There are some low powered PSU's that have superior connection ability, superior cooling, and superior components.
evaluating a PSU by wattage only is like saying that lakes are better for sailing than oceans.
like with audio equipment, wattage of a component is not even close to the only measurement that matters.
I own two OCZ 600 watt PSU's, both manufactured with similar components, both with equal connection options. One runs with 600W divided three ways, 155, 580, and 20 watts. It provides 4 18A rails of power for CPU, CPU2/PCIe1, MB Accessories, and PCIe2. The other runs 600W divided four ways, 150, 504, 3.6, and 12.5, this one only has 2 25A and a .3A rail. Which one do you think has more connection options and provides smoother power across the whole system?
The answer depends more on the quality of the PSU. The higher quality PSU wins in terms of providing a superior quality of power. Sometimes the quality is more important than the capacity, especially when you know the capacity will be more than enough for a long time to come.
So when it comes to building a system like this that has extremely low power requirements (and always will), there's absolutely no need whatsoever to get a PSU that has a capacity over 350-400W. Seriously: he's not a gamer, he never will be, he will never have, or need, a powerful video card, and the majority of the work will be done with the CPU. Even if he does get a video card, it will not warrant the need for a PSU that has a capacity any greater than 400W because the only video card he can get right now that would begin coming close to needing a slightly larger capacity than 400W is the 7970 - but that's only if he overclocked the 3770K to 5 GHz at the same time. Even then, he'd have to have a simultaneous maximum load on the 7970 and overclocked 3770K at the same time. Since he's not a gamer, that would never happen. So, a quality-made 400W PSU would be overkill.
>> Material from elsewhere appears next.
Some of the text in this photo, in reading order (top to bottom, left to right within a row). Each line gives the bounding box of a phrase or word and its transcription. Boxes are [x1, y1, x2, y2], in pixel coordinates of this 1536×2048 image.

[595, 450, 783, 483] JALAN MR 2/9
To take it further, each new generation of GPUs and CPUs require less power than the previous. So the argument of "future upgrades" is invalid for this system and for the way he'll be using this computer.
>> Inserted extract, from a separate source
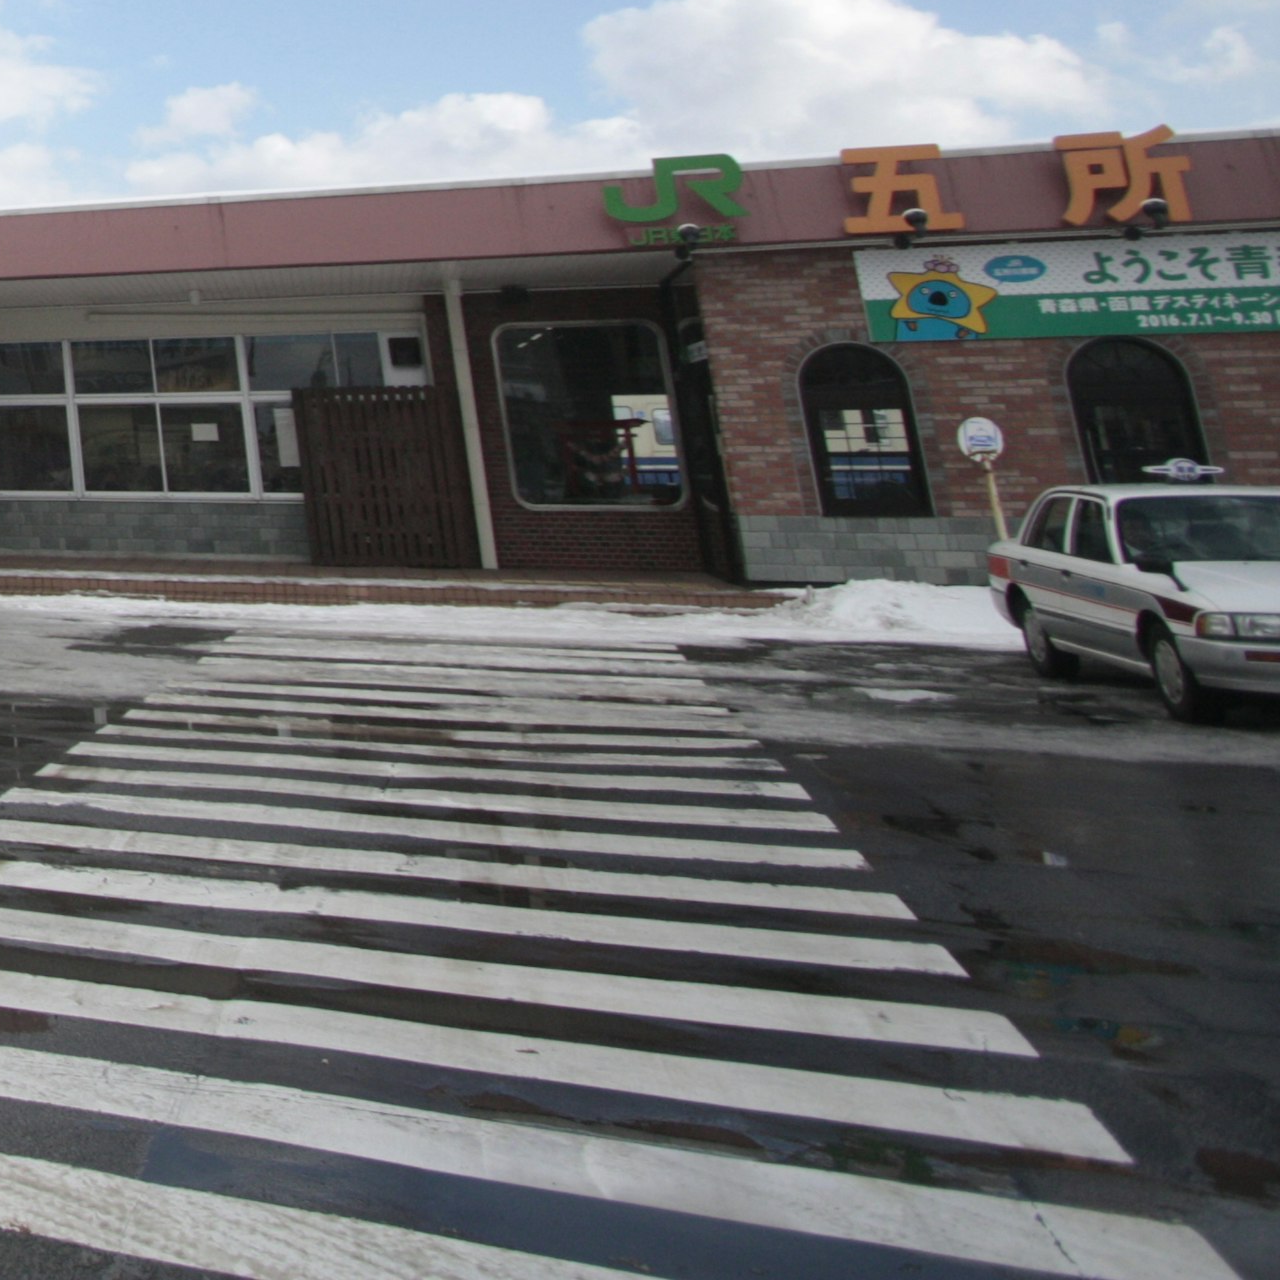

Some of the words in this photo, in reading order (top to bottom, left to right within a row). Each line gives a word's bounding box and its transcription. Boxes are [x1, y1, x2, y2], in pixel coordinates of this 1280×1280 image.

[602, 153, 752, 223] JR
[1083, 244, 1280, 284] ようこそ青
The reason I recommend the Rosewill Capstone 450-M is it's a very high-quality modular PSU that totally crushes the CX500 and only costs $69.99 shipped. This PSU would last him "forever", as I believe I've already shown several times now.
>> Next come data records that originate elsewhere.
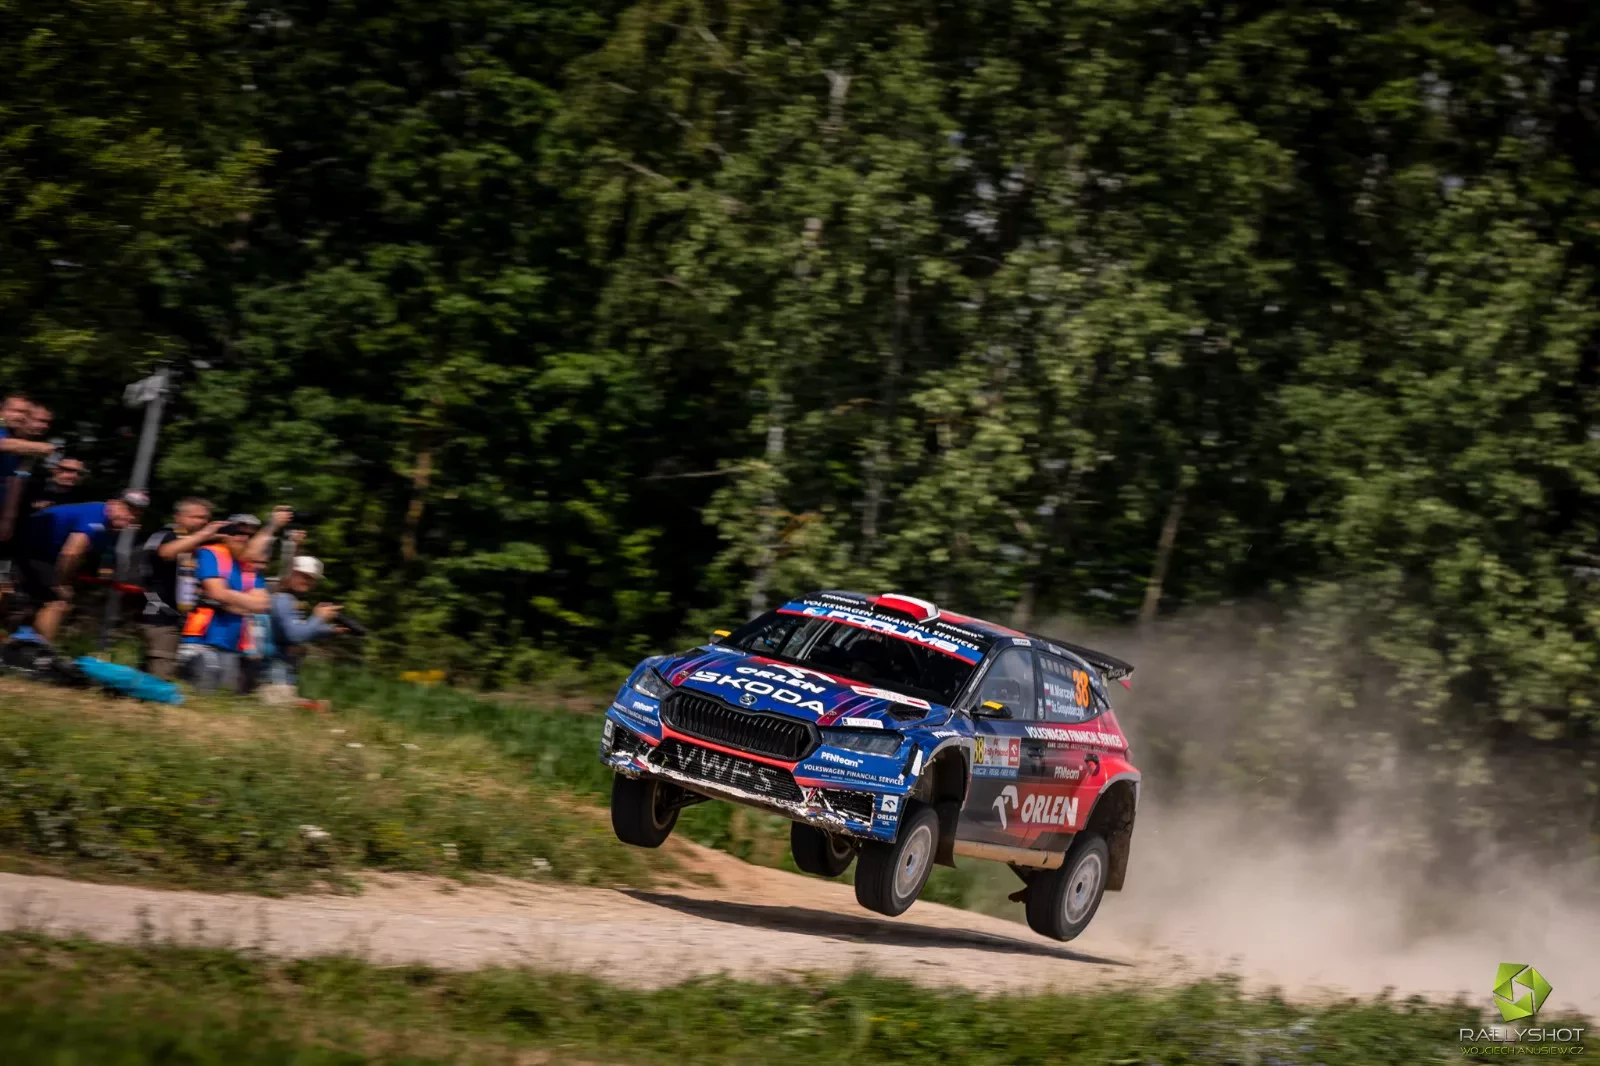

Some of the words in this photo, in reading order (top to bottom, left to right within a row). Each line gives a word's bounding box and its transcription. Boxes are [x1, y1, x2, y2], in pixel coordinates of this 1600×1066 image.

[803, 599, 873, 617] VOLKSWAGEN
[875, 613, 930, 634] FINANCIAL
[932, 630, 980, 651] SERVICES
[736, 666, 826, 694] ORLEN
[1072, 669, 1090, 709] 38
[1024, 725, 1068, 741] VOLKSWAGEN
[1067, 729, 1098, 745] FINANCIAL
[1097, 732, 1123, 748] SERVICES
[821, 751, 859, 768] PFNteam
[803, 763, 846, 776] VOLKSWAGEN
[846, 770, 878, 781] FINANCIAL
[878, 776, 905, 786] SERVICES
[1053, 765, 1080, 780] PFNteam
[877, 813, 898, 822] ORLEN
[1021, 793, 1079, 827] ORLEN
If someone wants to bring up PSU degradation, I covered that already too. With enthusiast-class PSUs like the 450-M, it's not an issue at all. It's only a problem with lower quality PSUs. The quality of the components inside like the capacitors is so high that you'd have to be folding 24/7 for a couple of years in order to have any hope of even putting a dent the PSU's capacity due to aging.
If you don't mind a quality non-modular PSU that would require you to use the power cable from your previous PSU, then here's the 400W Antec NEO ECO for only $39.99 shipped:
It is a SeaSonic S12II inside.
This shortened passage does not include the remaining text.